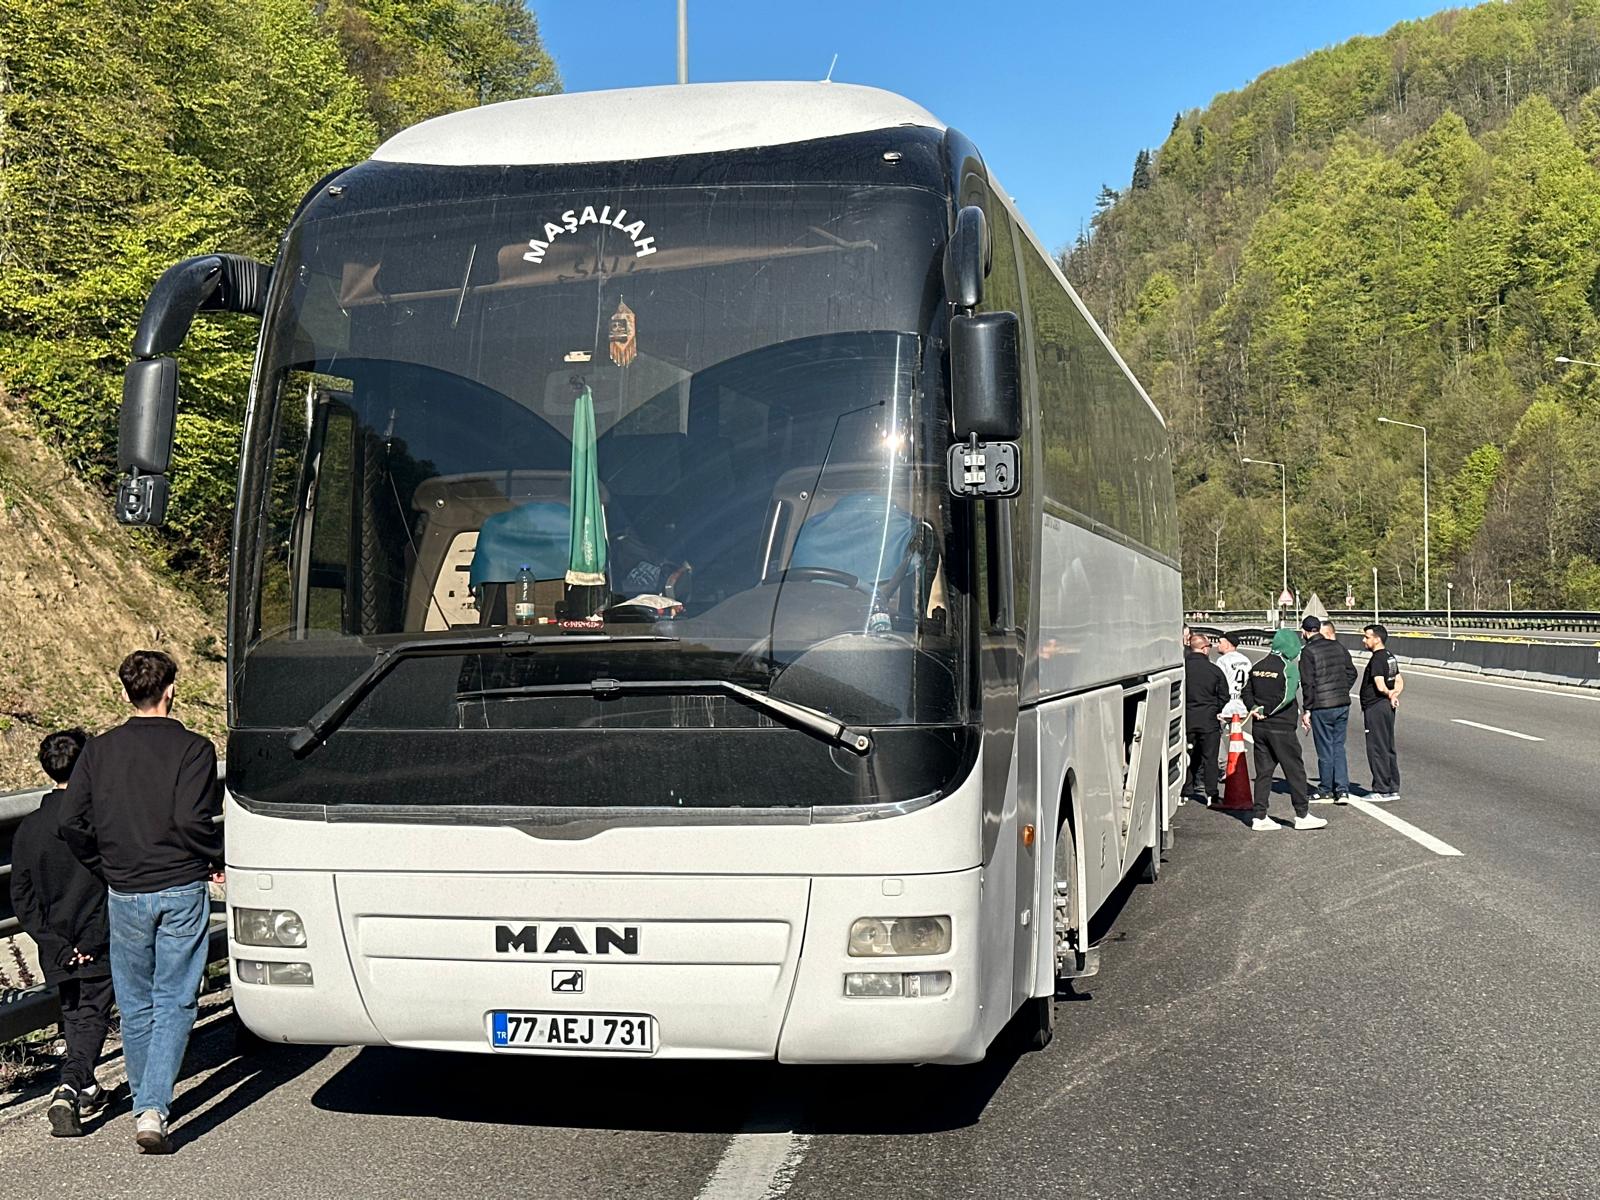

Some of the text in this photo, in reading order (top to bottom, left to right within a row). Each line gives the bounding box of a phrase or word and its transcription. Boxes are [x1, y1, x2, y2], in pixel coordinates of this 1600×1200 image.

[522, 205, 657, 264] MAŞALLAH
[495, 925, 638, 955] MAN
[496, 1016, 646, 1046] TR 77 AEJ 731
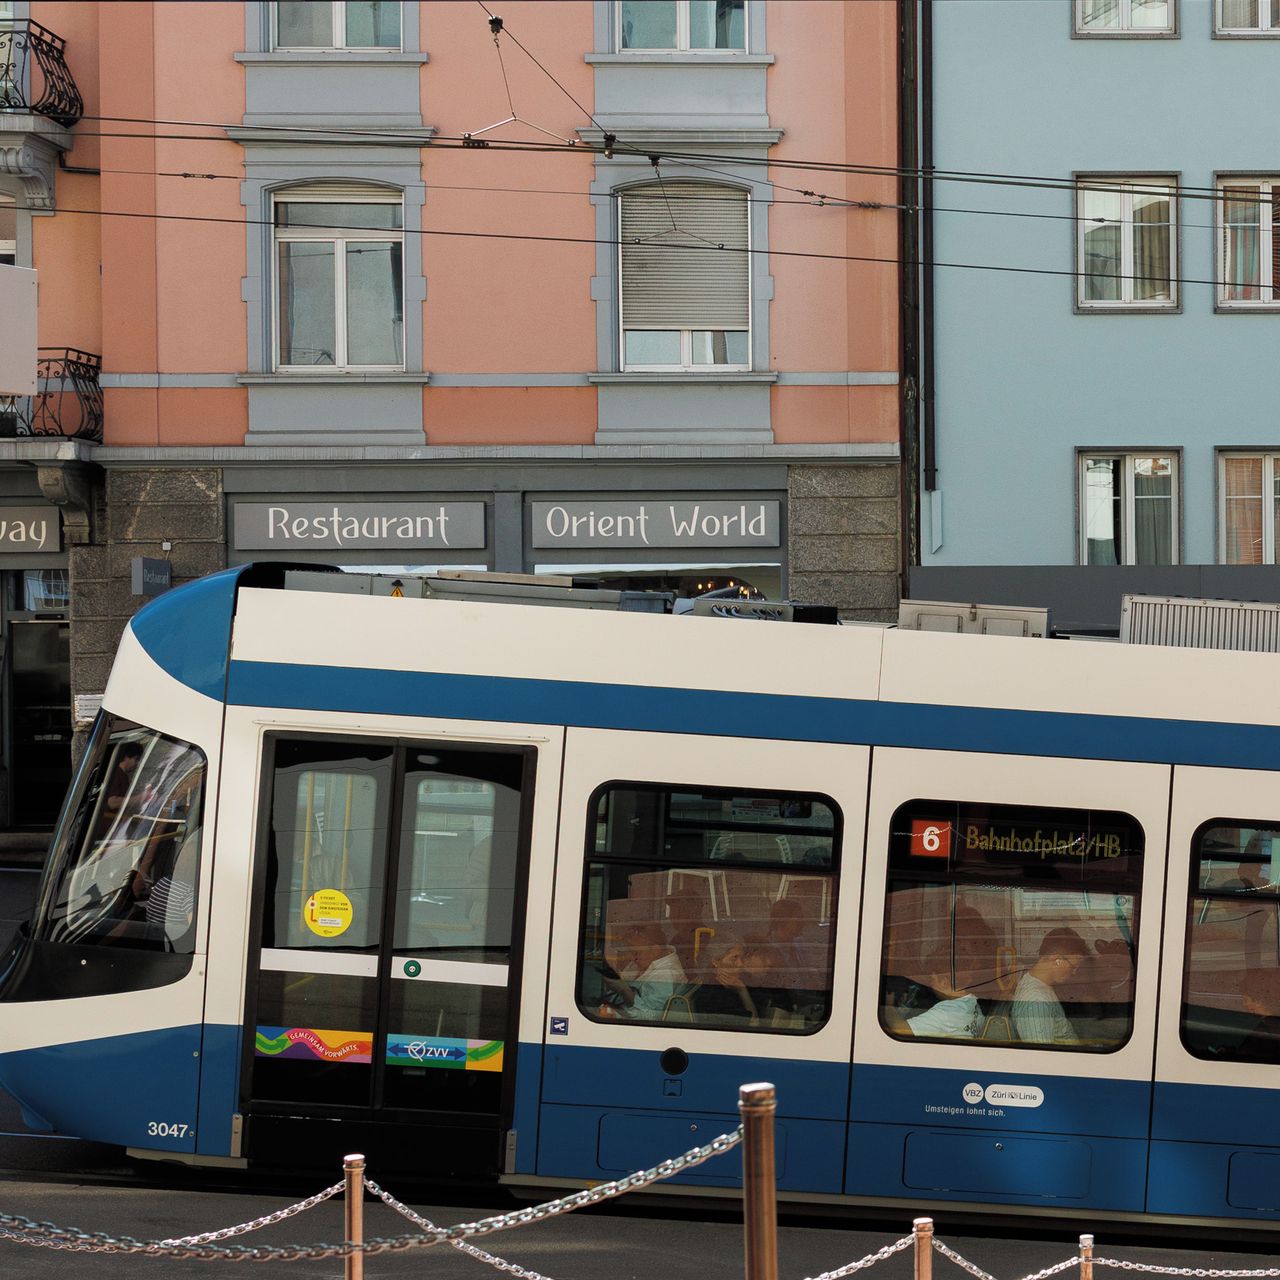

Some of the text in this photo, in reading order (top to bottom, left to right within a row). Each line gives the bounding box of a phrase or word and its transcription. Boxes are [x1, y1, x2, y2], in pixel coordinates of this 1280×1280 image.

[267, 506, 450, 547] Restaurant
[545, 503, 766, 545] Orient World
[922, 826, 940, 852] 6
[966, 825, 1121, 860] Bahnhofplatz/HB
[290, 1031, 324, 1053] GEMEINSAM
[426, 1047, 449, 1058] ZVV
[964, 1089, 982, 1098] VBZ
[991, 1090, 1037, 1101] Züri Linie
[925, 1105, 1007, 1117] Umsteigen lohnt sich.
[148, 1122, 188, 1138] 3047
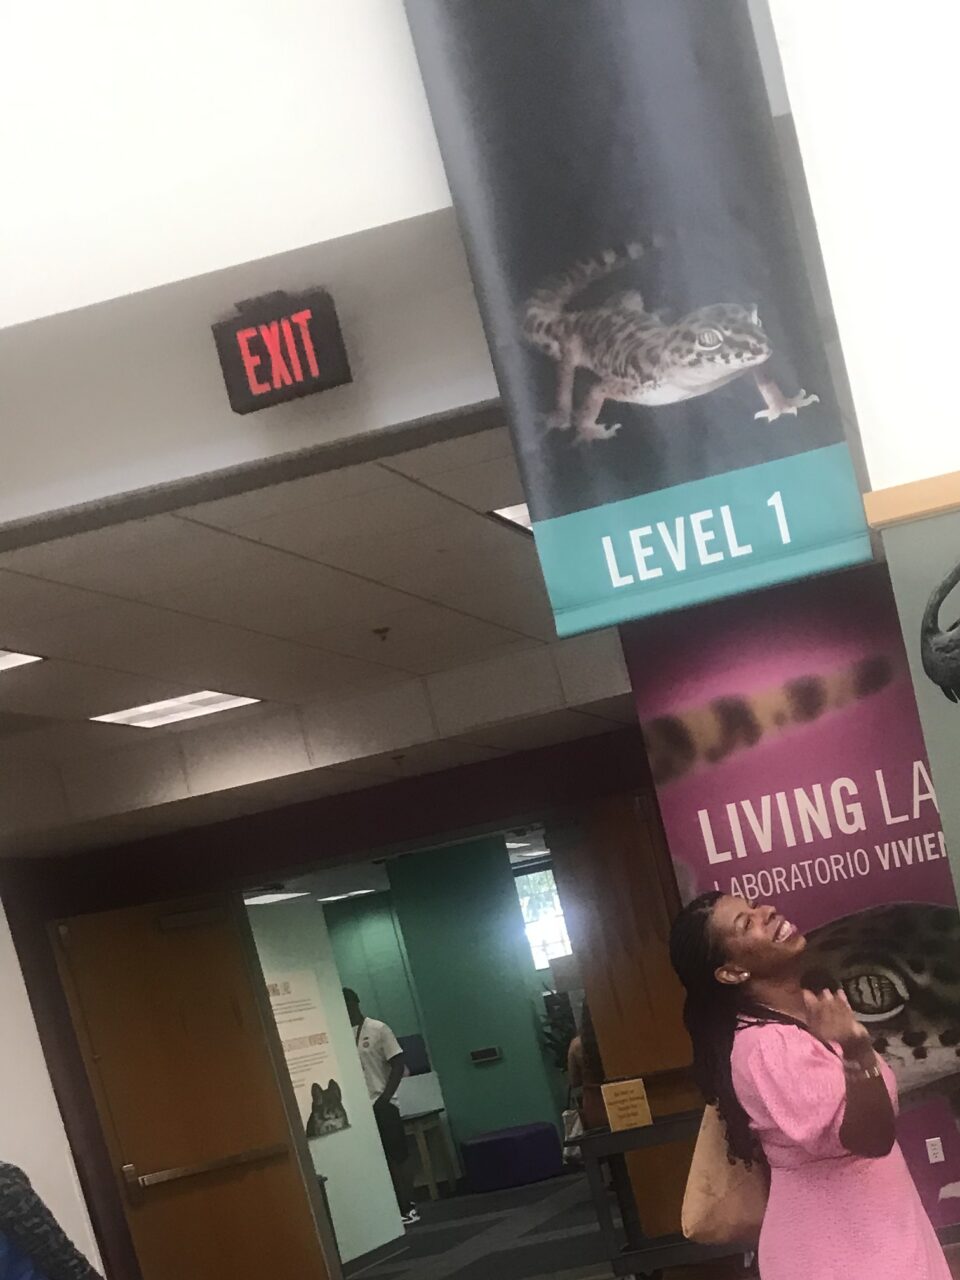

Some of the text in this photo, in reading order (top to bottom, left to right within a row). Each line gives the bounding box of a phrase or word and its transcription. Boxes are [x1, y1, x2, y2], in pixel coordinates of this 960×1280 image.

[236, 309, 320, 396] EXIT
[602, 490, 792, 588] LEVEL 1
[697, 777, 867, 865] LIVING
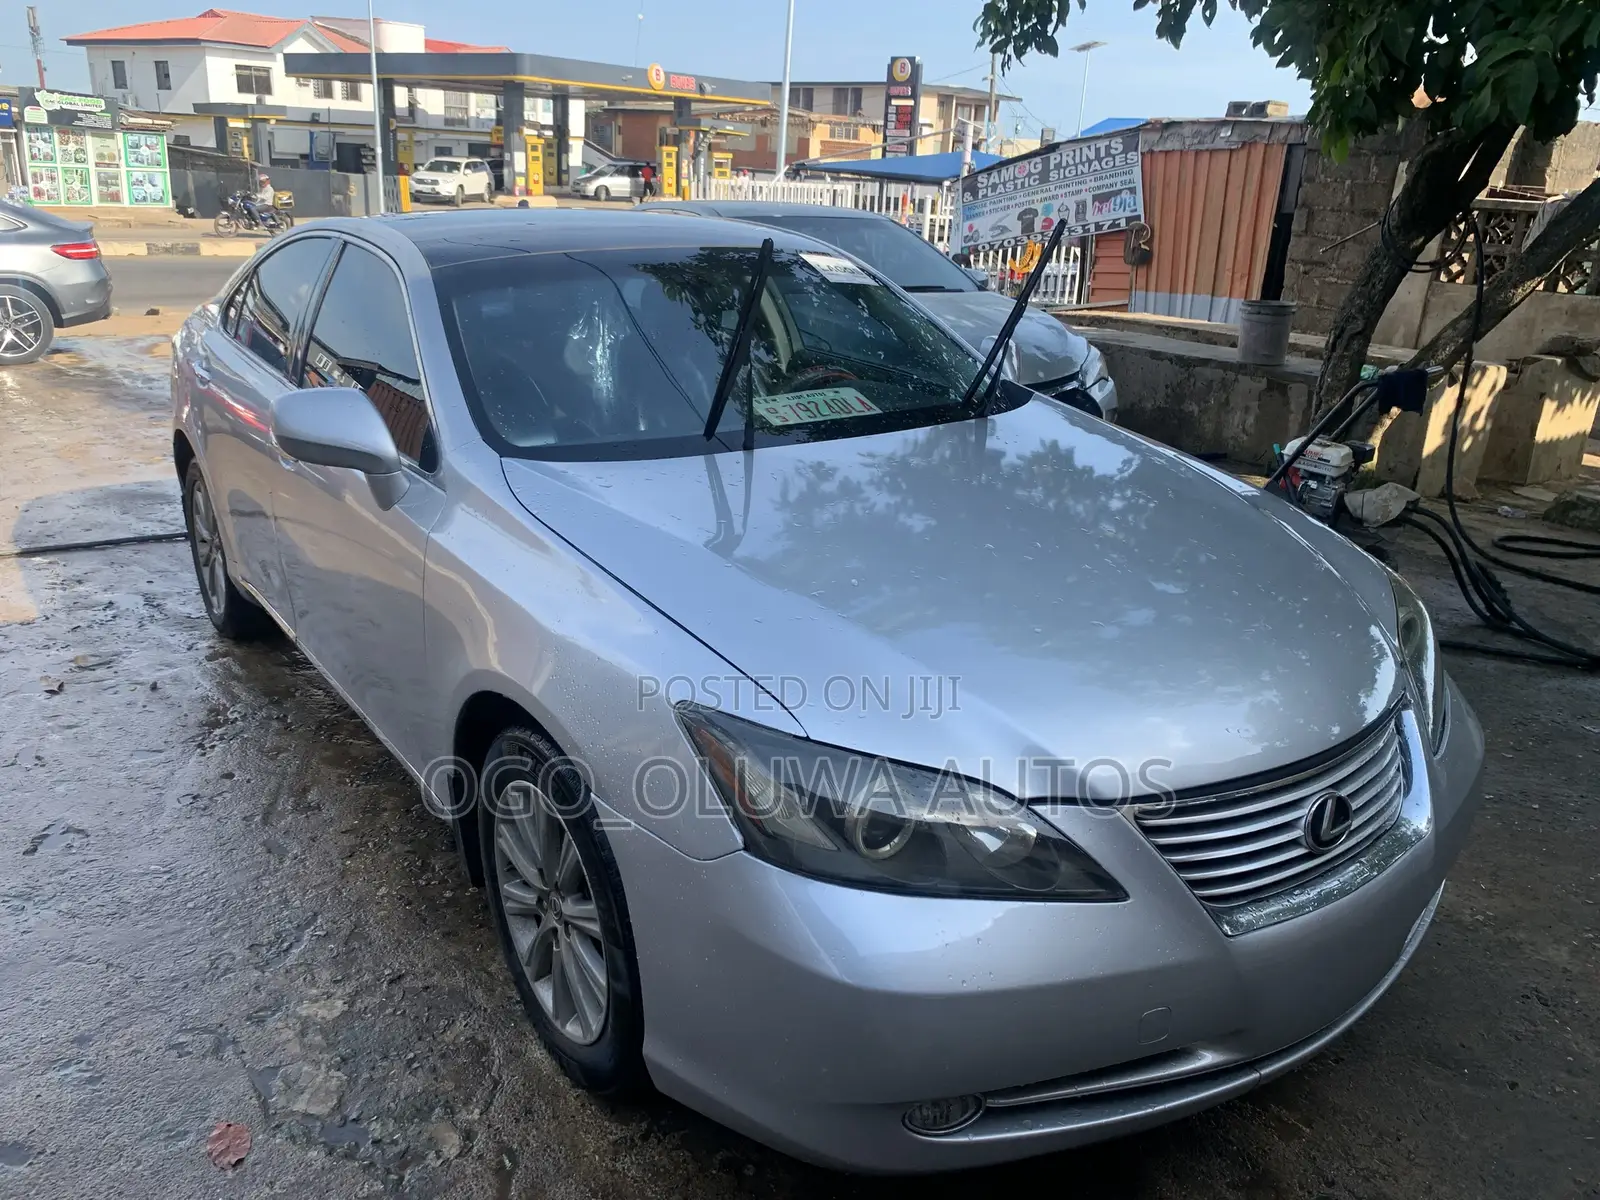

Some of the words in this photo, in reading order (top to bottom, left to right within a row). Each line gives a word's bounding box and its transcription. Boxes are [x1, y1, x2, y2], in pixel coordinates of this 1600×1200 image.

[963, 191, 973, 204] &
[978, 174, 1040, 200] PLASTIC
[1049, 151, 1139, 182] SIGNAGES
[977, 157, 1042, 188] SAMOG
[1051, 138, 1123, 169] PRINTS
[988, 204, 1011, 215] STICKER
[1014, 199, 1035, 209] POSTER
[1040, 193, 1060, 204] AWARD
[1063, 188, 1084, 199] STAMP
[1088, 182, 1118, 193] COMPANY
[1120, 178, 1136, 187] SEAL
[989, 195, 1017, 206] PAINTING
[1022, 188, 1052, 198] GENERAL
[1054, 179, 1088, 191] PRINTING
[1093, 169, 1134, 182] BRANDING

**TASK INSTRUCTIONS:** Reproduce all entries exactly. Pictures do not belong in the copy.

**THE COMPLETED TASK:**
Some of the text in this photo, in reading order (top to bottom, left to right within a row). Each line gives the bounding box of a phrase or word and its transcription. Boxes are [x1, y1, x2, y2], in pixel coordinates of this 1600×1200 image.

[522, 205, 657, 264] MAŞALLAH
[495, 925, 638, 955] MAN
[496, 1016, 646, 1046] TR 77 AEJ 731

Some of the text in this photo, in reading order (top to bottom, left to right within a row). Each line gives the bounding box of a phrase or word and its transcription. Boxes are [x1, y1, x2, y2], in pixel coordinates of this 1280×1280 image.

[267, 506, 450, 547] Restaurant
[545, 503, 766, 545] Orient World
[922, 826, 940, 852] 6
[966, 825, 1121, 860] Bahnhofplatz/HB
[290, 1031, 324, 1053] GEMEINSAM
[426, 1047, 449, 1058] ZVV
[964, 1089, 982, 1098] VBZ
[991, 1090, 1037, 1101] Züri Linie
[925, 1105, 1007, 1117] Umsteigen lohnt sich.
[148, 1122, 188, 1138] 3047

Some of the text in this photo, in reading order (top to bottom, left to right within a row). Each line gives the bounding box of a phrase or word and its transcription. Boxes are [x1, y1, x2, y2], in pixel coordinates of this 960×1280 image.

[236, 309, 320, 396] EXIT
[602, 490, 792, 588] LEVEL 1
[697, 777, 867, 865] LIVING

Some of the words in this photo, in reading order (top to bottom, left to right within a row). Each line gives a word's bounding box and its transcription. Boxes are [x1, y1, x2, y2], in pixel coordinates of this 1600×1200 image.

[963, 191, 973, 204] &
[978, 174, 1040, 200] PLASTIC
[1049, 151, 1139, 182] SIGNAGES
[977, 157, 1042, 188] SAMOG
[1051, 138, 1123, 169] PRINTS
[988, 204, 1011, 215] STICKER
[1014, 199, 1035, 209] POSTER
[1040, 193, 1060, 204] AWARD
[1063, 188, 1084, 199] STAMP
[1088, 182, 1118, 193] COMPANY
[1120, 178, 1136, 187] SEAL
[989, 195, 1017, 206] PAINTING
[1022, 188, 1052, 198] GENERAL
[1054, 179, 1088, 191] PRINTING
[1093, 169, 1134, 182] BRANDING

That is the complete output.